▶ **Task details**:
Transcribe each record exactly, but omit pictures.
┌────────
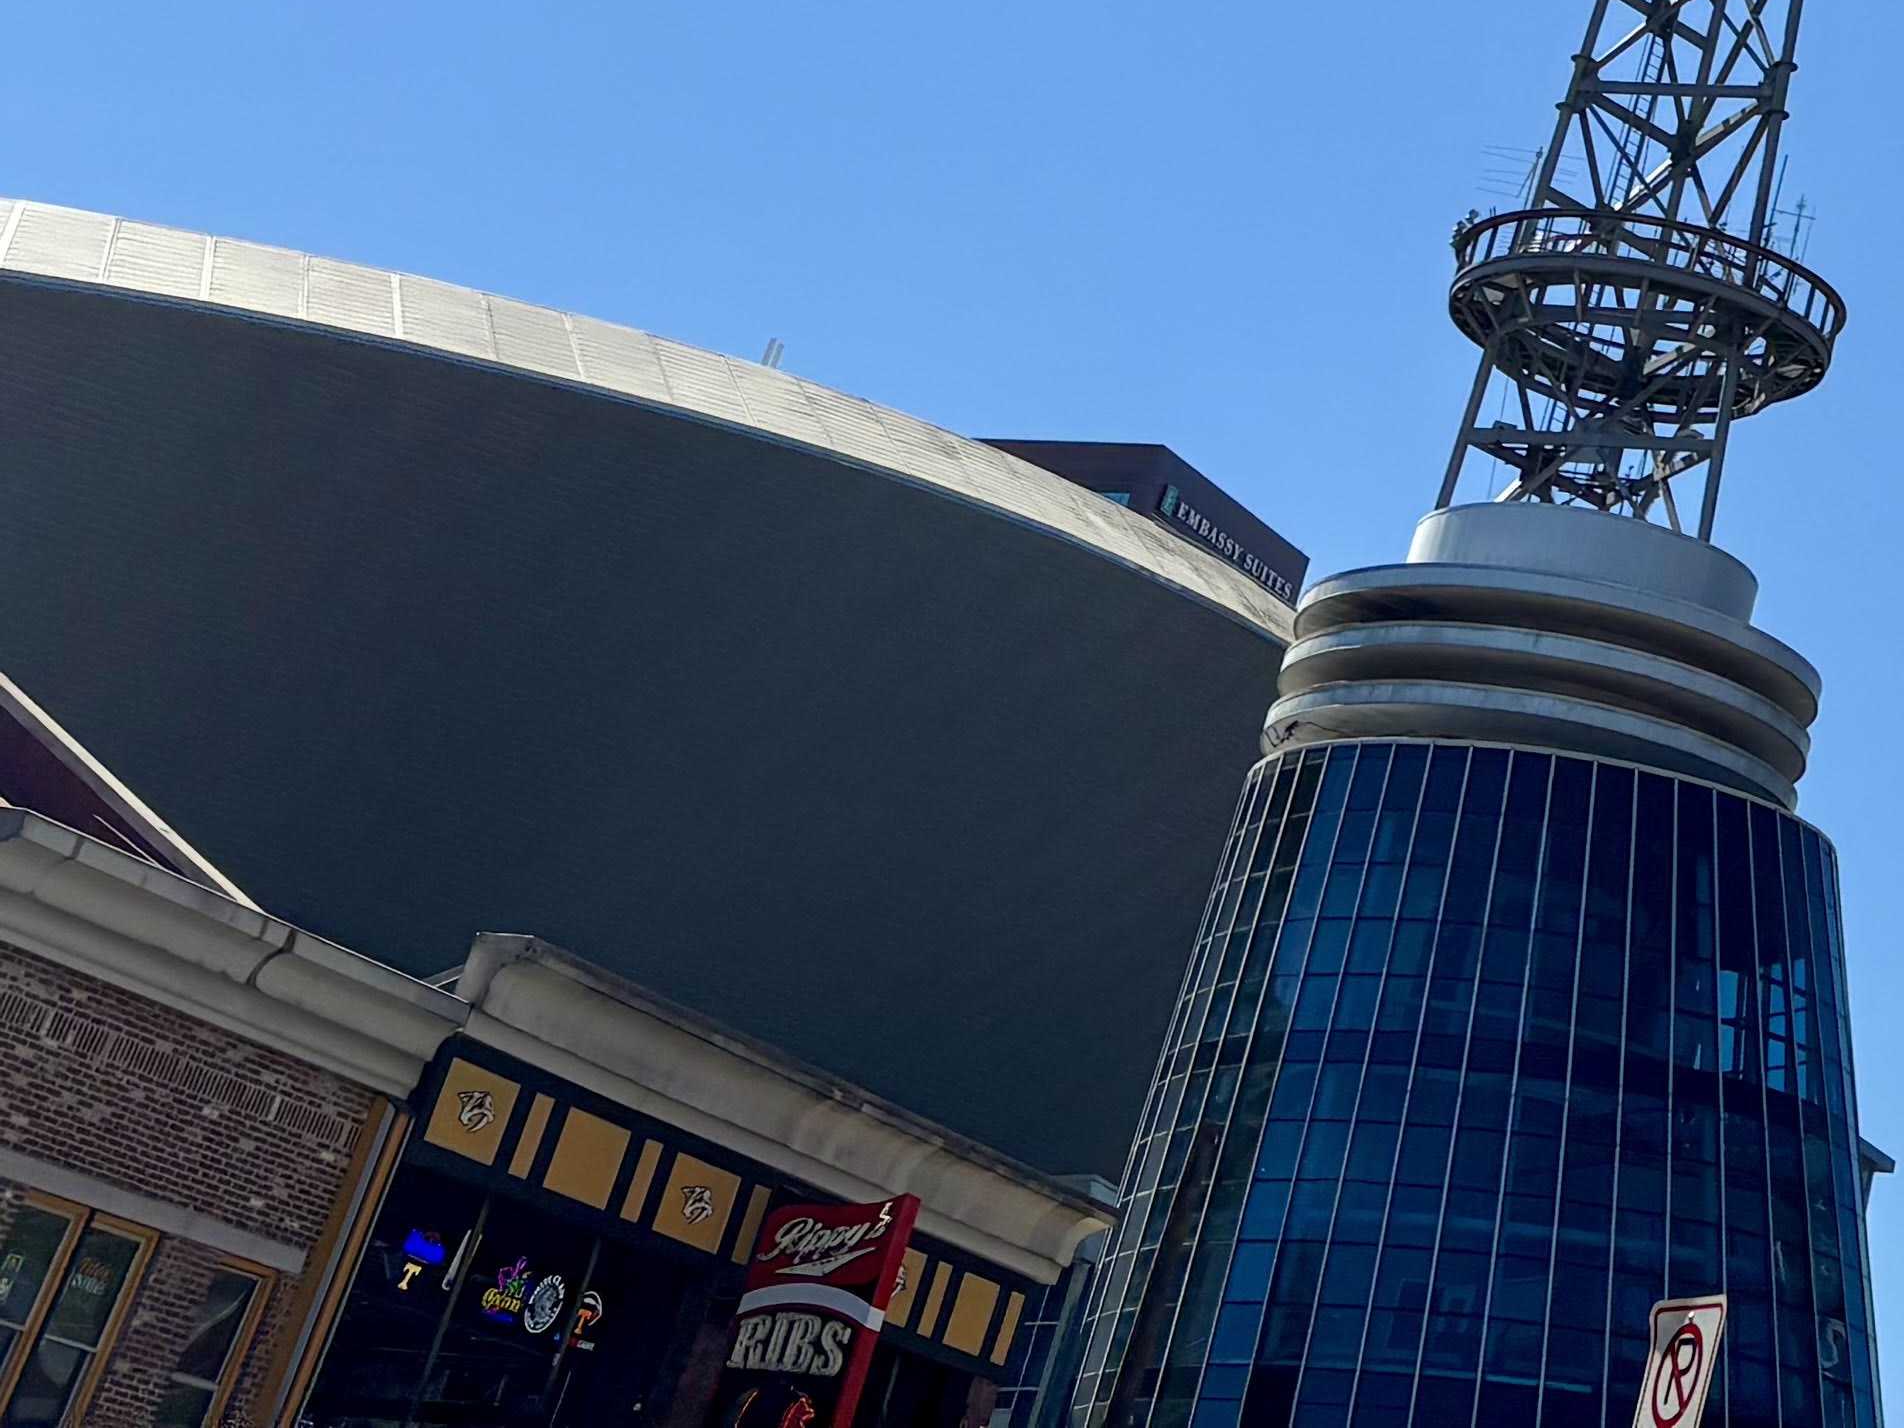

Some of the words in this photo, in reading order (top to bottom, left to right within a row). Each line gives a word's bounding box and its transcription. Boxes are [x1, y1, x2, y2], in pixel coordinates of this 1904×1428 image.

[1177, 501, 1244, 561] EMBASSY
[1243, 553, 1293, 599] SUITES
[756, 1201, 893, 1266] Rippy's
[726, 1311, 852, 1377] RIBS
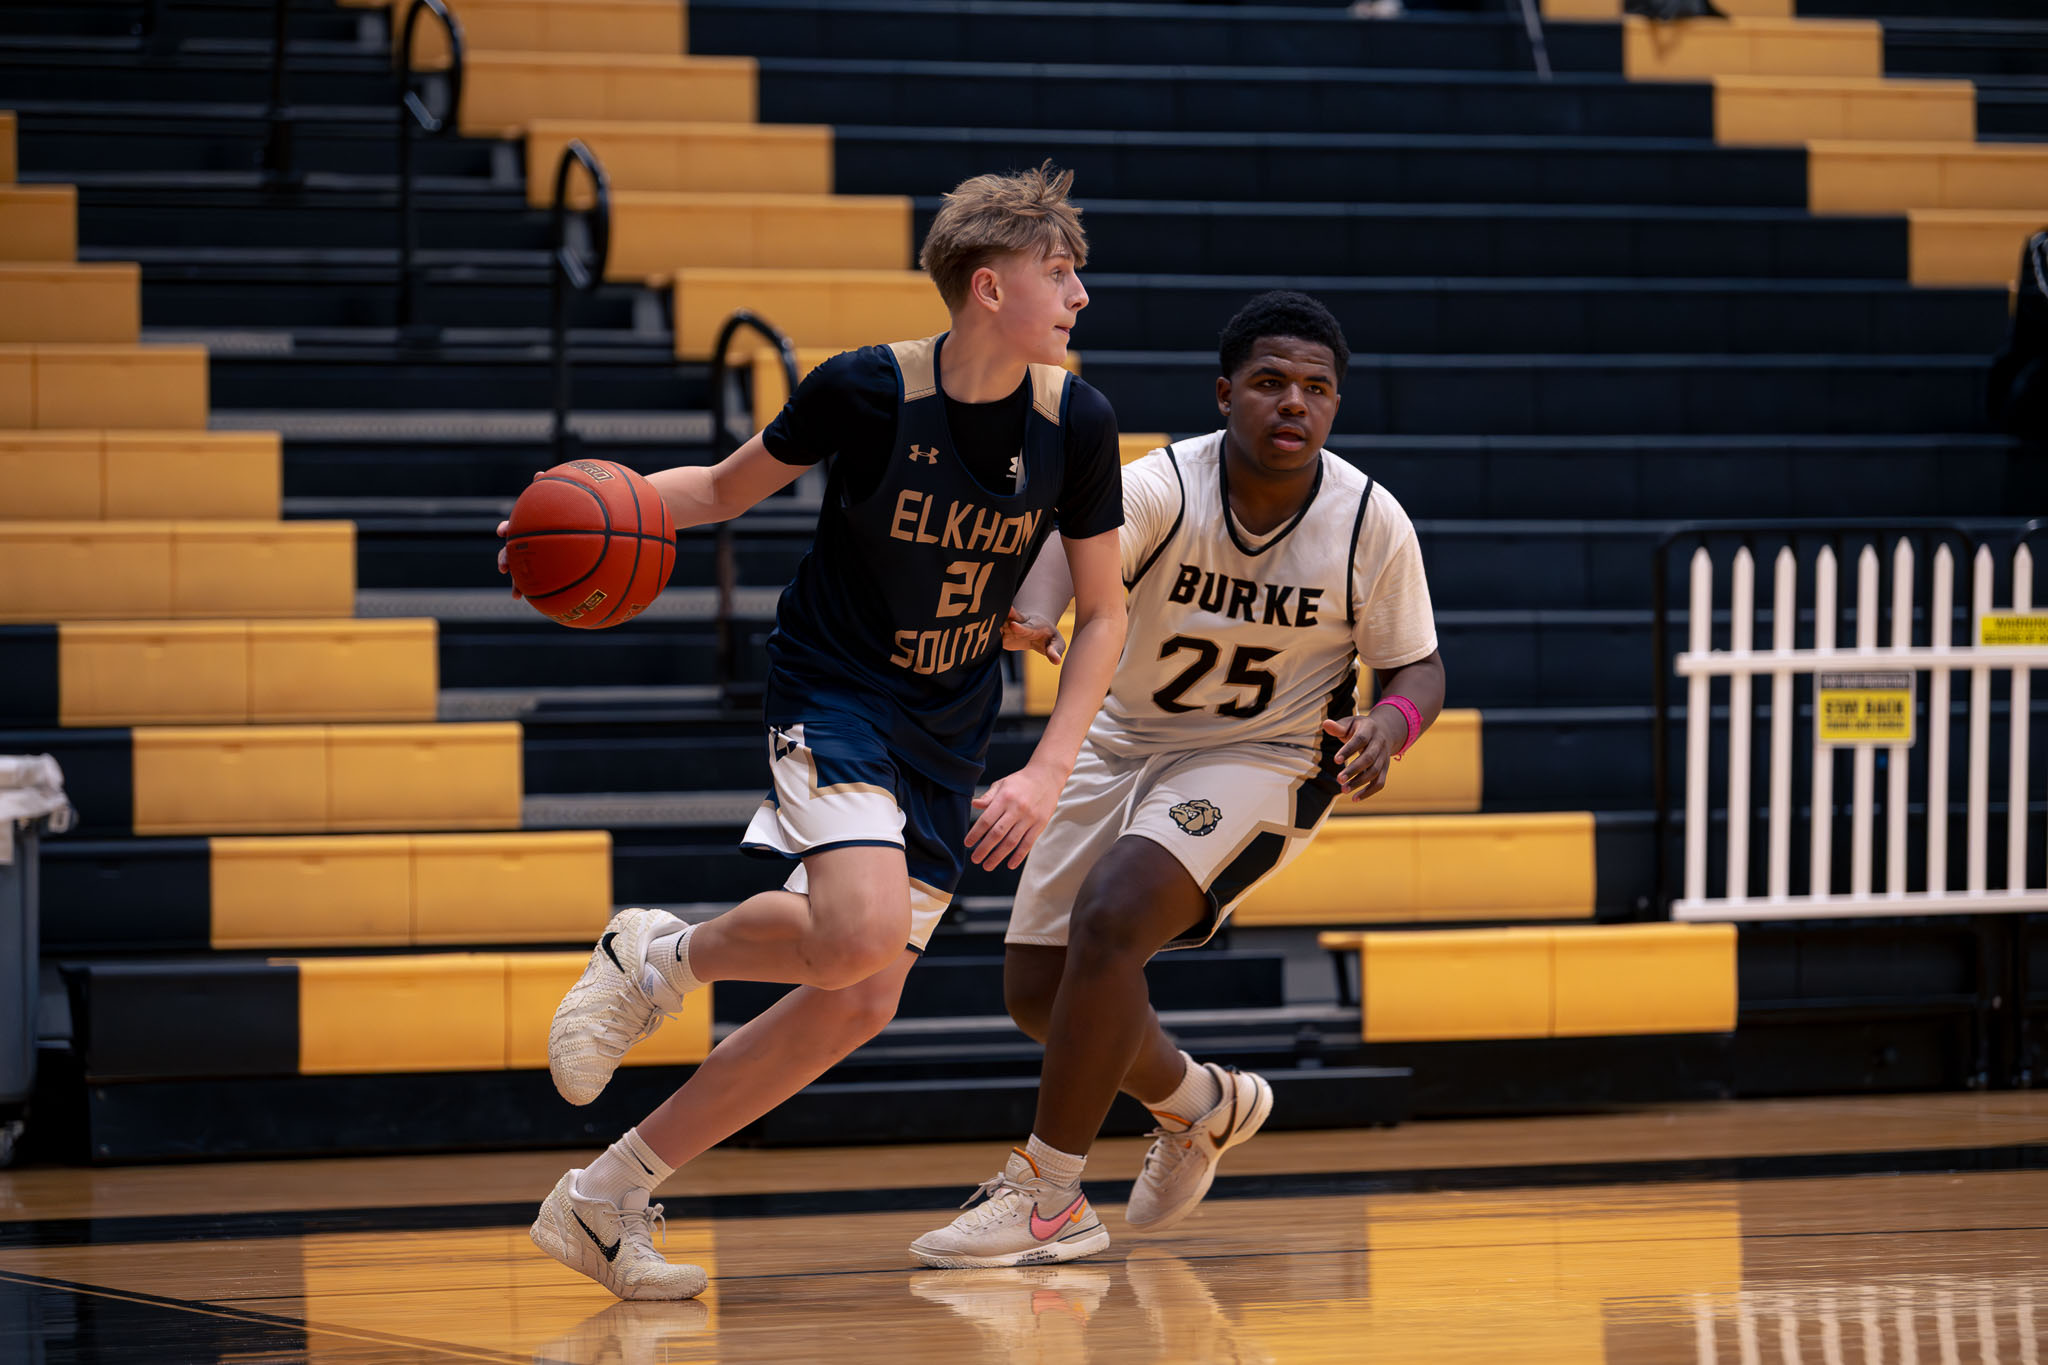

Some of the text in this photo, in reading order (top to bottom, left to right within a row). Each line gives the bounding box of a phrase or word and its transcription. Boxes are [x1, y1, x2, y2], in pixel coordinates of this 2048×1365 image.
└────────
▶ **Output**:
Some of the words in this photo, in reading order (top to bottom, left to right within a row). Each line gives a word's bounding box and its transcription. Boxes are [x1, y1, x2, y2], in pixel coordinates of this 1904×1428 image.

[1177, 501, 1244, 561] EMBASSY
[1243, 553, 1293, 599] SUITES
[756, 1201, 893, 1266] Rippy's
[726, 1311, 852, 1377] RIBS

Some of the text in this photo, in reading order (top to bottom, left to right within a row). Each line gives the bounding box of a phrase or word and its transcription. Boxes are [x1, y1, x2, y2], in pixel coordinates of this 2048×1365 image.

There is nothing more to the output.